Referring to the individuals who have come out in favour of B Teams recently, Clibbens added that “one person’s opinion should not get the alarm bells racing” because of the nature of football’s voting structure.

“A long as that’s there, it doesn’t matter what one individual says - they’ve got one vote,” he said.

“The risk is you give those individuals too many votes. Equally, the risk is it doesn’t matter how many votes they’ve got – if they’ve got you by throat, because you need their money, then you’re a slave anyway.

“So we don’t need to get too hung-up on voting. It’s just as important to protect independence, self-governance and self-determination.”

Clibbens said the league’s voting structure was a “great help” in terms of the B Teams question, but not in other respects.

He said that, in a League meeting last week, he had raised the question of how clubs would “resist” the “tough questions” that may come their way if more money was offered by the Premier League.

“There was no answer,” he said. “It was, ‘We’ll have to deal with that and get some safeguards in’.

“That immediately sets alarm bells racing in people who get it – and there’s enough of us who get it.

“That is why the game has operated with moderation.

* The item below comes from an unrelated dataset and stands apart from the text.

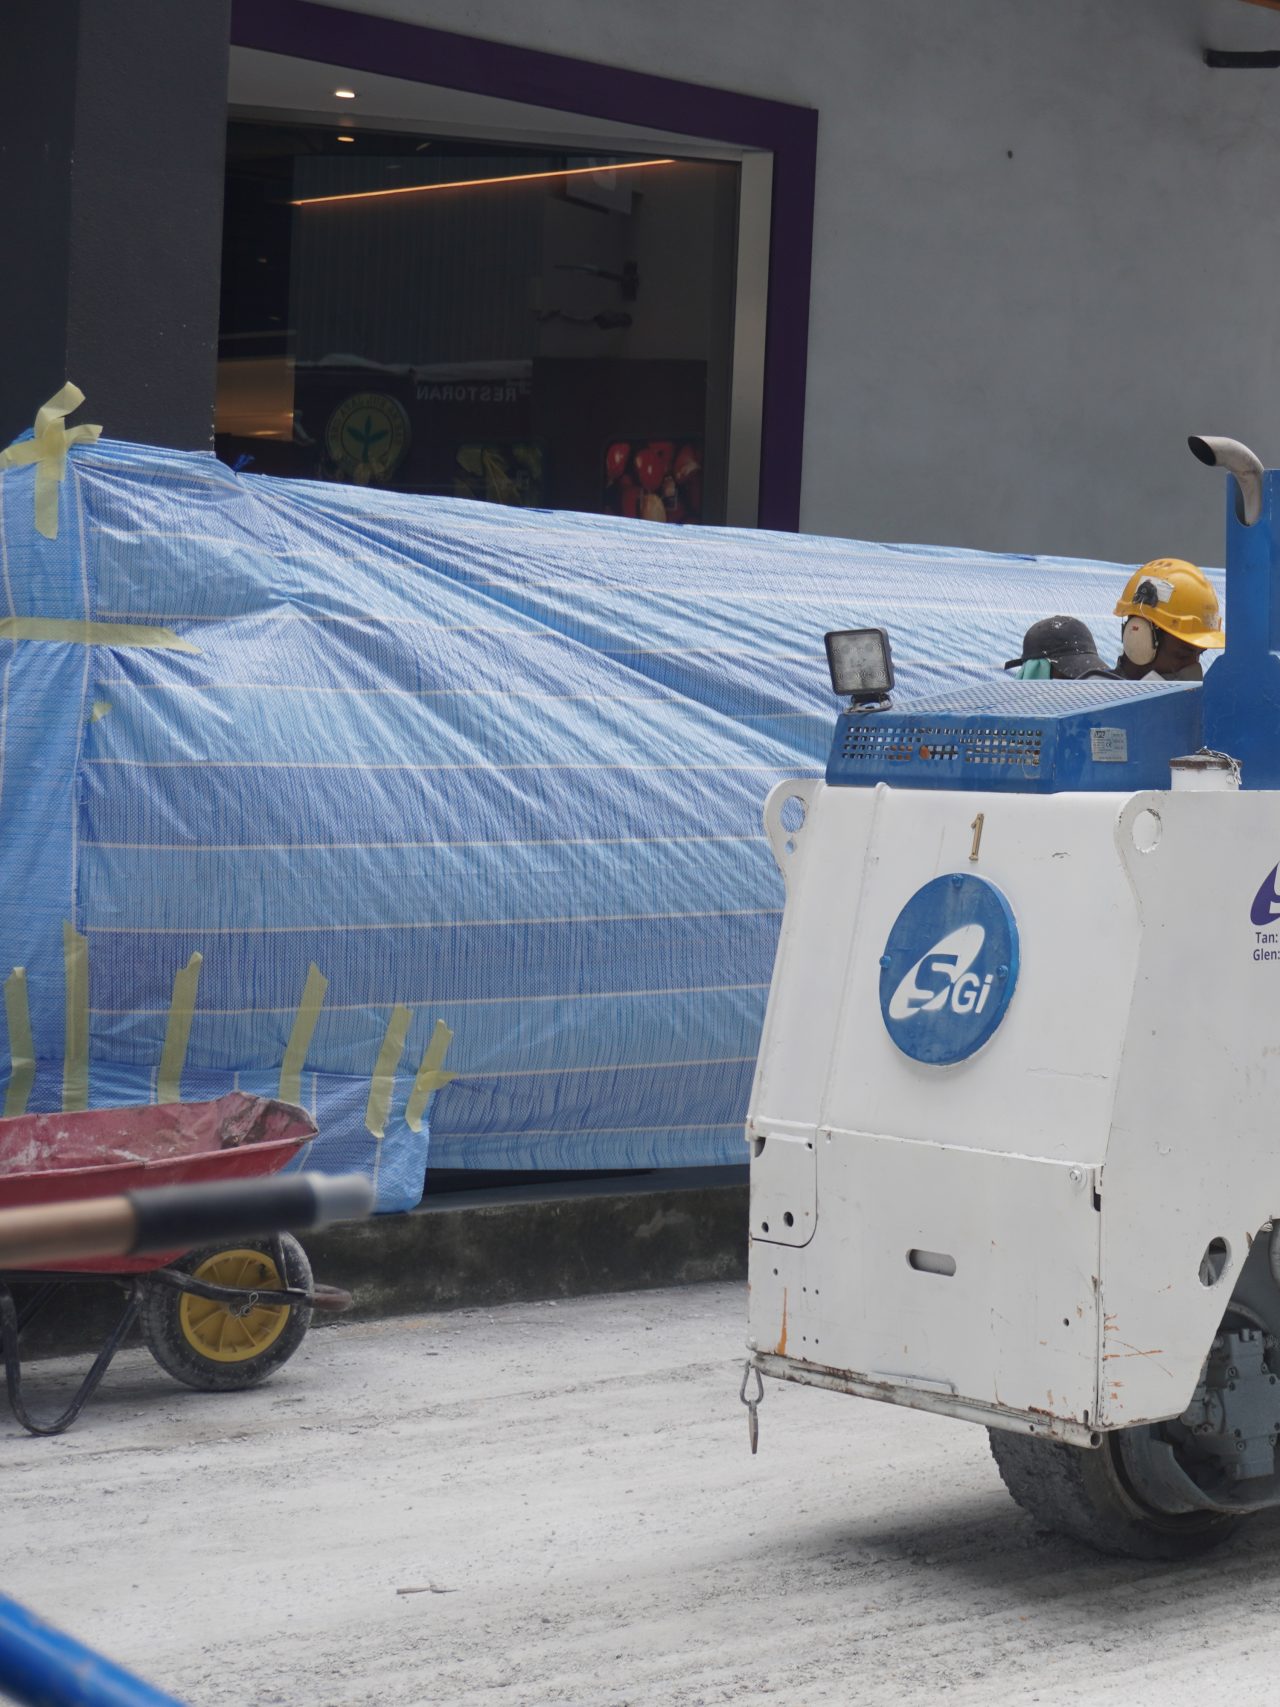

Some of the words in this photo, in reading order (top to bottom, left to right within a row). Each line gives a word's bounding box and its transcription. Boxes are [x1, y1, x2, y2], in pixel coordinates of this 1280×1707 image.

But at times when you have big issues, that moderation doesn’t help, because you need to take big decisions and you can’t get enough together to get the big decisions because there’s too much vested interests…and someone has to give something.”

Clibbens said he and United had agreed with the EFL’s decision last week to reject the Premier League’s latest £50m bail-out offer to Leagues One and Two.

He said: “My view was that we should reject the offer respectfully [because] we are approaching ‘armageddon’ and it isn’t enough – it only helps a portion of our league.”

He also said the EFL have “made it clear” to clubs that there will be a fund created to help clubs facing “dire emergencies”, with some lower-league clubs closer to severe financial peril than others at present.

He said that could potentially be used by clubs struggling to pay wages or facing winding-up petitions, for example, as a result of the loss of matchday income due to Covid-19.

“I think that will be available for clubs and no doubt will quickly leak away,” he said.

“After that, who knows? But it will buy some time.”